◆ Exercise ◆
Omit the pictures, but give back every entry below exactly as written.

Phrase grounding data
════════

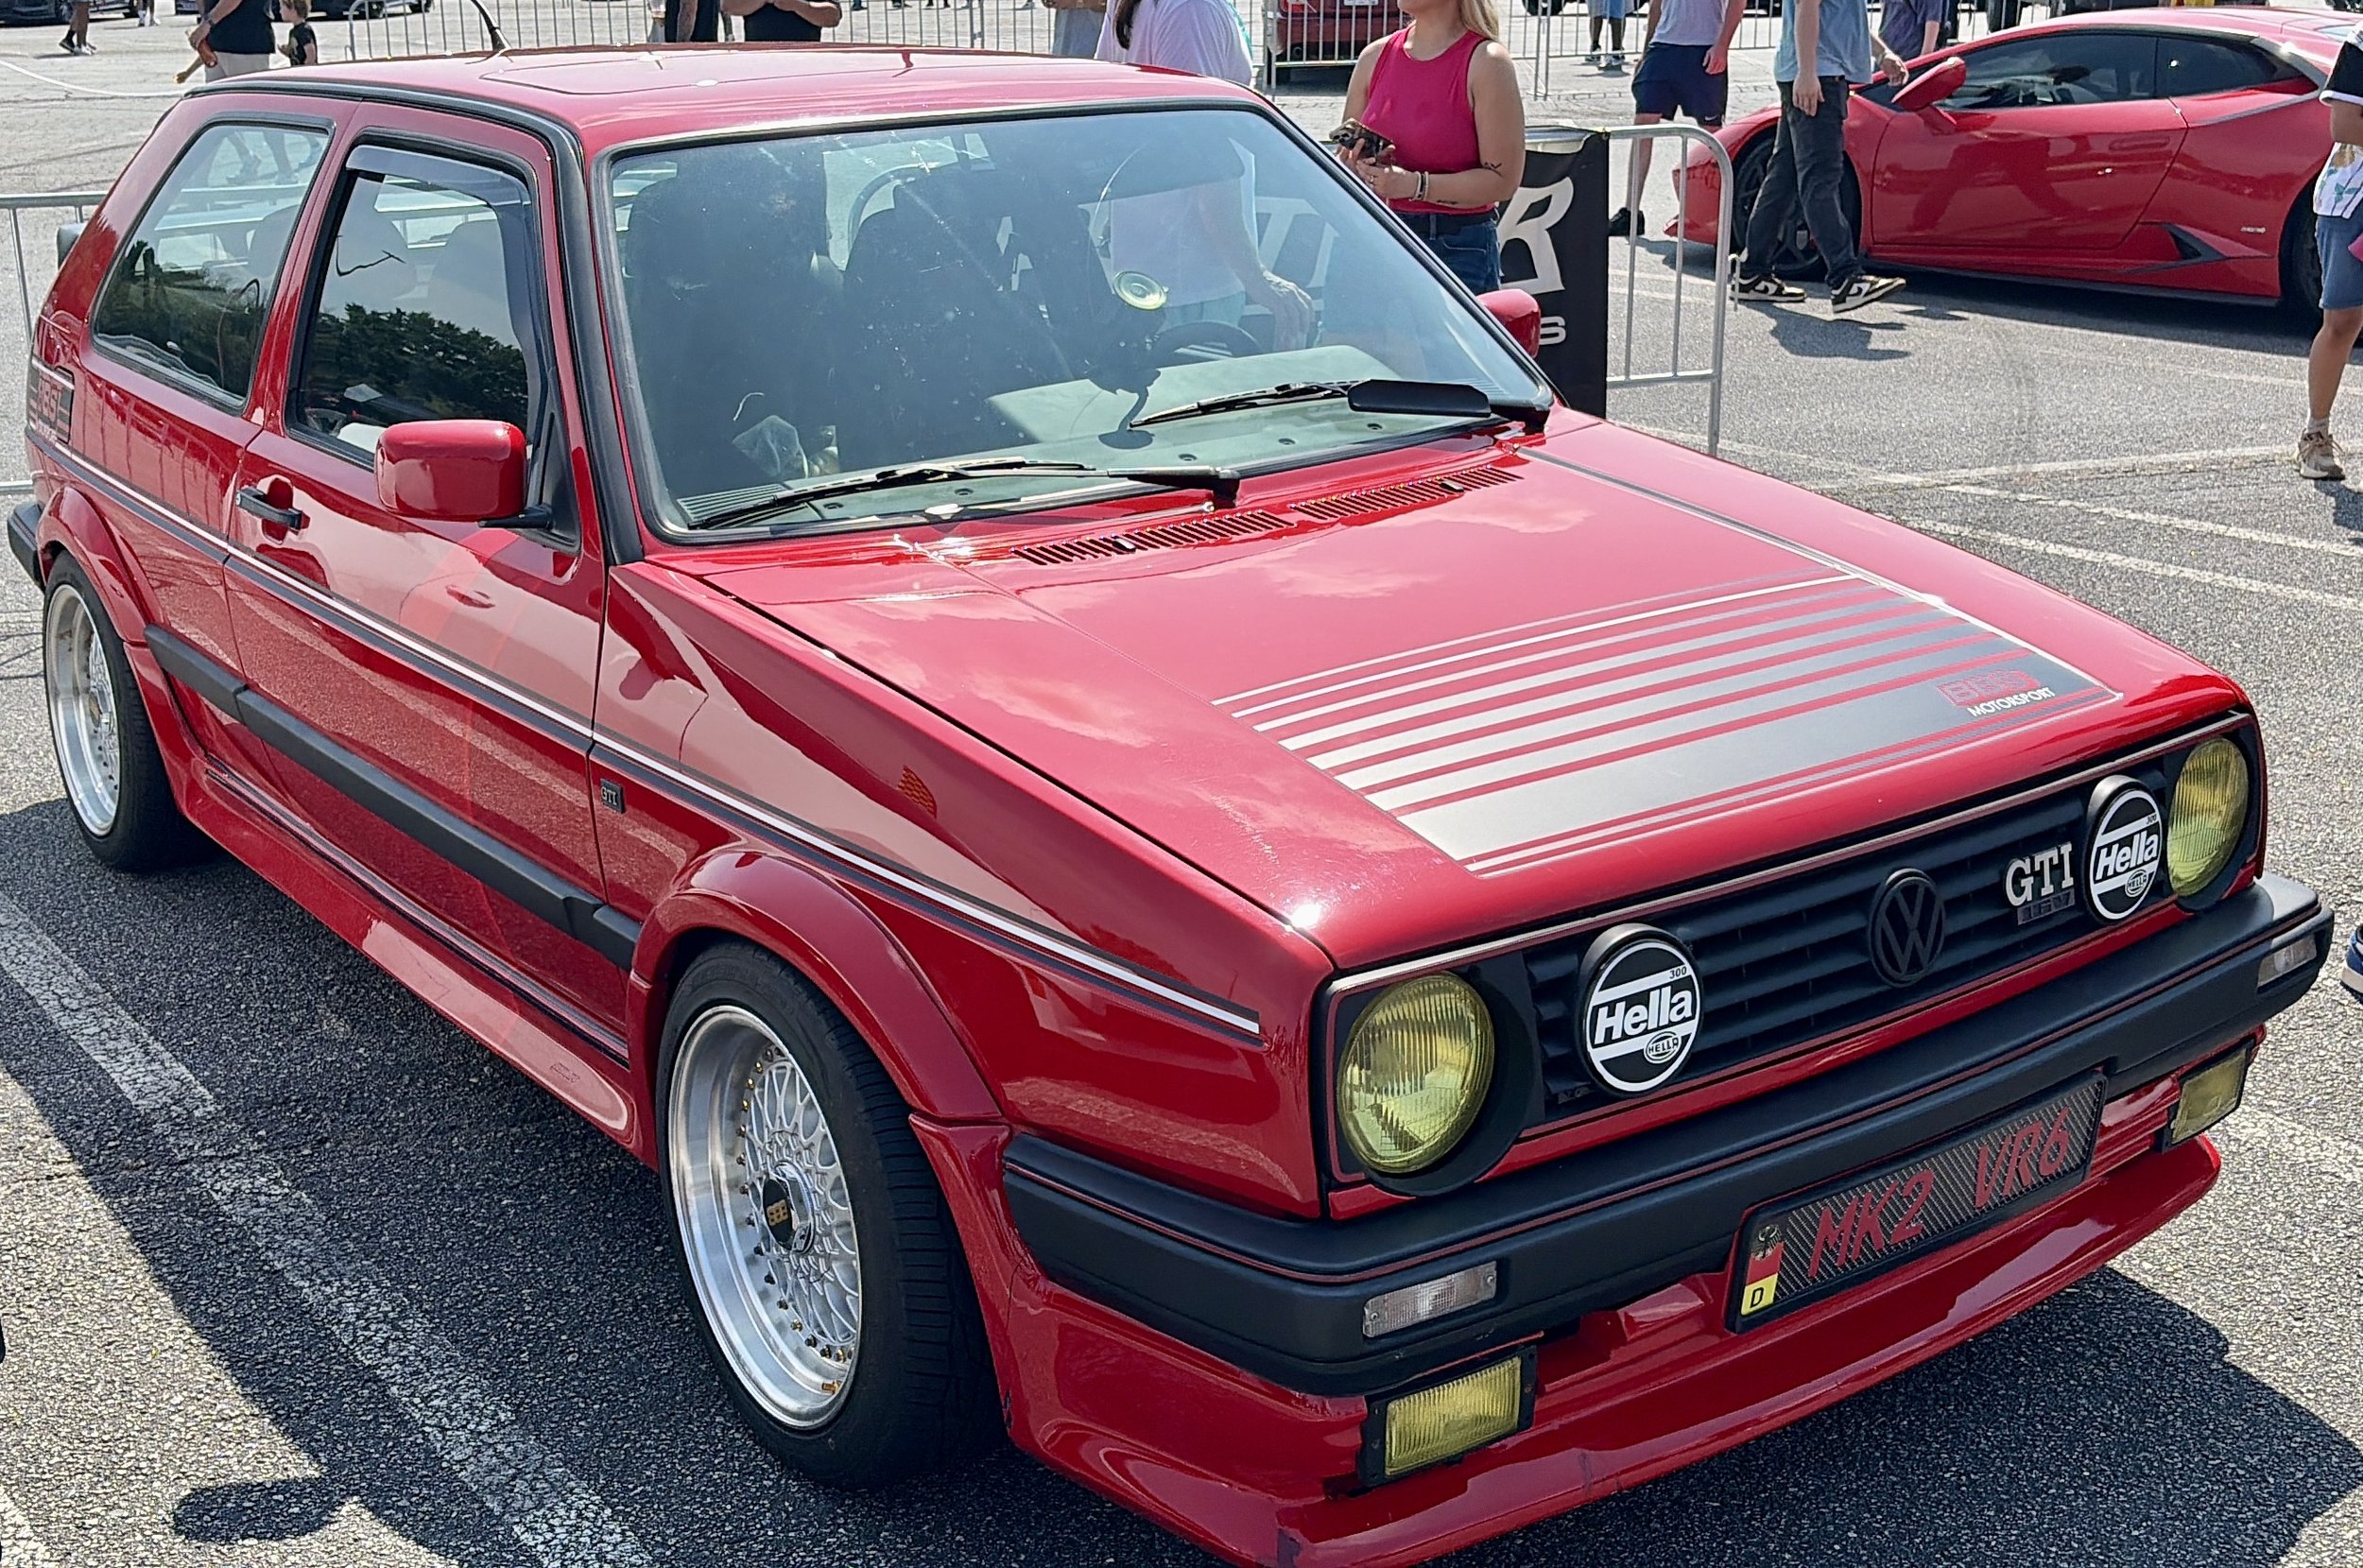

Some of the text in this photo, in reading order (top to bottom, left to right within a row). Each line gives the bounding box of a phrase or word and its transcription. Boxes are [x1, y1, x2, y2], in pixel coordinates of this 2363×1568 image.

[1967, 687, 2055, 716] MOTORSPORT
[601, 786, 617, 805] GTI
[2096, 831, 2159, 881] Hella
[2005, 841, 2074, 906] GTI
[1669, 965, 1687, 979] 300
[1594, 986, 1693, 1044] Hella
[1647, 1037, 1680, 1054] HELLA
[1808, 1106, 2069, 1278] MK2 VR6
[1750, 1286, 1765, 1308] D

════════

◆ Reply ◆
Some of the text in this photo, in reading order (top to bottom, left to right within a row). Each line gives the bounding box of a phrase or word and its transcription. Boxes are [x1, y1, x2, y2], in pixel coordinates of this 2363×1568 image.

[1967, 687, 2055, 716] MOTORSPORT
[601, 786, 617, 805] GTI
[2096, 831, 2159, 881] Hella
[2005, 841, 2074, 906] GTI
[1669, 965, 1687, 979] 300
[1594, 986, 1693, 1044] Hella
[1647, 1037, 1680, 1054] HELLA
[1808, 1106, 2069, 1278] MK2 VR6
[1750, 1286, 1765, 1308] D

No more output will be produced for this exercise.